UMAP Dimensionality Reduction

def _reduce_dimensions(self, embeddings: np.ndarray) -> np.ndarray:
    """
    Reduce embedding dimensions for clustering.

    Uses UMAP with cosine metric.
    """
    import umap

    n_samples = len(embeddings)

    # Calculate neighbors based on sample size
    n_neighbors = int((n_samples - 1) ** 0.8)

    # Target dimensions
    n_components = min(12, n_samples - 2)

    reducer = umap.UMAP(
        n_neighbors=max(2, n_neighbors),
        n_components=n_components,
        metric="cosine",
        random_state=42
    )

    return reducer.fit_transform(embeddings)

Optimal Cluster Selection (BIC)

def _get_optimal_clusters(self, embeddings: np.ndarray) -> int:
    """
    Find optimal number of clusters using BIC.

    BIC = -2 × log(L) + k × log(n)

    Lower BIC = better model
    """
    from sklearn.mixture import GaussianMixture

    max_clusters = min(self._max_cluster, len(embeddings))
    n_clusters = np.arange(1, max_clusters)

    bics = []
    for n in n_clusters:
        gm = GaussianMixture(
            n_components=n,
            random_state=42,
            covariance_type='full'
        )
        gm.fit(embeddings)
        bics.append(gm.bic(embeddings))

    # Select cluster count with minimum BIC
    optimal_clusters = n_clusters[np.argmin(bics)]

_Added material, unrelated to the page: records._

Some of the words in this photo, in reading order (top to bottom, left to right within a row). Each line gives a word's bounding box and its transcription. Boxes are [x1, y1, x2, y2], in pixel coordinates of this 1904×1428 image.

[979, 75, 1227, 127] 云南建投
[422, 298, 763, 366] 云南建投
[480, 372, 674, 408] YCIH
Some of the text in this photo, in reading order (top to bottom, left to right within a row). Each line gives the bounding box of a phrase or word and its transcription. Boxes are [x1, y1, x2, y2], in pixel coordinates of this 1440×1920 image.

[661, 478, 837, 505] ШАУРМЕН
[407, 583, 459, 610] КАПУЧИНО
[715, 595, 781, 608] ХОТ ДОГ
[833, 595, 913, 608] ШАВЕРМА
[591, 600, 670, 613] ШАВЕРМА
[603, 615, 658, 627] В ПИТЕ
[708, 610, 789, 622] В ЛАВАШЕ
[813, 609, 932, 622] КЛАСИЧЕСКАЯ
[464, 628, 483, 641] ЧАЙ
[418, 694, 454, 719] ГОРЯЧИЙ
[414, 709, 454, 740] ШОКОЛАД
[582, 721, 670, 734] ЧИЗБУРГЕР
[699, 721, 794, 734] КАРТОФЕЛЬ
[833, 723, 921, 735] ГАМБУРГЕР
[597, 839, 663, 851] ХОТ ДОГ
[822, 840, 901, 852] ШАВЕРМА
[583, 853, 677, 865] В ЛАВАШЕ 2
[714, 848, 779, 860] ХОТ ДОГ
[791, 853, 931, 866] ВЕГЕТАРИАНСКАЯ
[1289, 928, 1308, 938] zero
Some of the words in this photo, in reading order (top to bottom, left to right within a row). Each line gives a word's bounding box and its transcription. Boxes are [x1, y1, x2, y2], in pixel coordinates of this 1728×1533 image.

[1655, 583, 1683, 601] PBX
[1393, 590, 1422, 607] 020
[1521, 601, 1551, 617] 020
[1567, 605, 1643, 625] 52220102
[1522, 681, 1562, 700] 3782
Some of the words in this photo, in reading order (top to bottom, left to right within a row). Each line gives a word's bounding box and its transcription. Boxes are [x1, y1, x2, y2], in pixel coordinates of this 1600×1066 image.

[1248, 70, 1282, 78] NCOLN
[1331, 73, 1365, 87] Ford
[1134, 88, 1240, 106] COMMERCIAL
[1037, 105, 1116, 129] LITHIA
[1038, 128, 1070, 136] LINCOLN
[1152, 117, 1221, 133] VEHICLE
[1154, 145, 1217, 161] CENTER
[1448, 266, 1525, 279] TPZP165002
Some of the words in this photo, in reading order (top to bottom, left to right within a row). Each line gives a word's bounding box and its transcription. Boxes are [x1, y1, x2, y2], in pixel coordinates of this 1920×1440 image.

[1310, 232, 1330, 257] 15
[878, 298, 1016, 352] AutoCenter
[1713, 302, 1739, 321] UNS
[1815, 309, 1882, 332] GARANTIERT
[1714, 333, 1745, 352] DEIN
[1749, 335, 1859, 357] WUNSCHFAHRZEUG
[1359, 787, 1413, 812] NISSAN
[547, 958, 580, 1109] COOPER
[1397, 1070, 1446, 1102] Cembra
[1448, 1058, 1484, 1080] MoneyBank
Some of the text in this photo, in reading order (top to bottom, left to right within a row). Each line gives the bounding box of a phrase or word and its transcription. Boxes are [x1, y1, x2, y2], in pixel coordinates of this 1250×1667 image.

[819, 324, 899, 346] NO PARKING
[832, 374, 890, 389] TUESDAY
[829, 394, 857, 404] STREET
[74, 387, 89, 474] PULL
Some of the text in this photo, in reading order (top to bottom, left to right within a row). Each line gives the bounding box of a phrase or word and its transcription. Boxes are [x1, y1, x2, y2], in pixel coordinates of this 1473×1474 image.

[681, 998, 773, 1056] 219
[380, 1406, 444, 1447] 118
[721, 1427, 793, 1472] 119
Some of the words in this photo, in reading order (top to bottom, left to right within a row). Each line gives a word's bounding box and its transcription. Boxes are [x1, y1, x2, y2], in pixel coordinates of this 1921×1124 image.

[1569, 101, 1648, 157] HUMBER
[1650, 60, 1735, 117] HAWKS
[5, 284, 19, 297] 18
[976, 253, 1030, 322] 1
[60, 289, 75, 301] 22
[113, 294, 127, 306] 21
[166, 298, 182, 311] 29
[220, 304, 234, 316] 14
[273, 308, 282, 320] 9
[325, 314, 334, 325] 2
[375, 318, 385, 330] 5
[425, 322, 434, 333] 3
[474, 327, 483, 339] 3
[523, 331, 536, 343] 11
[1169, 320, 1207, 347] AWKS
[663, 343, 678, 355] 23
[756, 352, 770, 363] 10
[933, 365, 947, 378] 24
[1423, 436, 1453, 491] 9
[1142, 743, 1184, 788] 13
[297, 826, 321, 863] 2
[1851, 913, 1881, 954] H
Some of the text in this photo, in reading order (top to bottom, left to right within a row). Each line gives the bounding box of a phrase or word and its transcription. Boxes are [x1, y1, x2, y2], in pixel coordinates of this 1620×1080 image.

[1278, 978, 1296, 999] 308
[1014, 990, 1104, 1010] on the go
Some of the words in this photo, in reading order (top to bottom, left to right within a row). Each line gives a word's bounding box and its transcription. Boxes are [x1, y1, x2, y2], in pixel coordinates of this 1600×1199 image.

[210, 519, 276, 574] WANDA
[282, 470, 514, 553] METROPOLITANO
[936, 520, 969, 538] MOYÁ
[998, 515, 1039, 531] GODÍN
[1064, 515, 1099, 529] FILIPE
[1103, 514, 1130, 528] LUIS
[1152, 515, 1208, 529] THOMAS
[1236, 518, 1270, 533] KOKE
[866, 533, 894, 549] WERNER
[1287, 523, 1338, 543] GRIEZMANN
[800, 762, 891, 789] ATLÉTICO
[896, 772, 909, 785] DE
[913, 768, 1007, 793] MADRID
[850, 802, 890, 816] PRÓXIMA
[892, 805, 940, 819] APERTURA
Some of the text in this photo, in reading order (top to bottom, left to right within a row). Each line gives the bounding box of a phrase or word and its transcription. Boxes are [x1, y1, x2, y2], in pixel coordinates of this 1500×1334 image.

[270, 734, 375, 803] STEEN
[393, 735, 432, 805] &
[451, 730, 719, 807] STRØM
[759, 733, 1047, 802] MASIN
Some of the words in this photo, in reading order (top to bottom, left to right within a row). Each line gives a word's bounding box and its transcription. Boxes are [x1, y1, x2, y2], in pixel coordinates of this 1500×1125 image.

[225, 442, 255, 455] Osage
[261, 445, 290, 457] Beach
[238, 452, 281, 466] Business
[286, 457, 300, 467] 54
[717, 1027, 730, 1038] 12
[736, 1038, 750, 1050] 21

    return optimal_clusters

Clustering with GMM

def _cluster_chunks(self, chunks: list[tuple], embeddings: np.ndarray) -> list[list[int]]:
    """
    Cluster chunks using Gaussian Mixture Model.

    Returns:
        List of cluster assignments (chunk indices per cluster)
    """
    from sklearn.mixture import GaussianMixture

    # Reduce dimensions
    reduced = self._reduce_dimensions(embeddings)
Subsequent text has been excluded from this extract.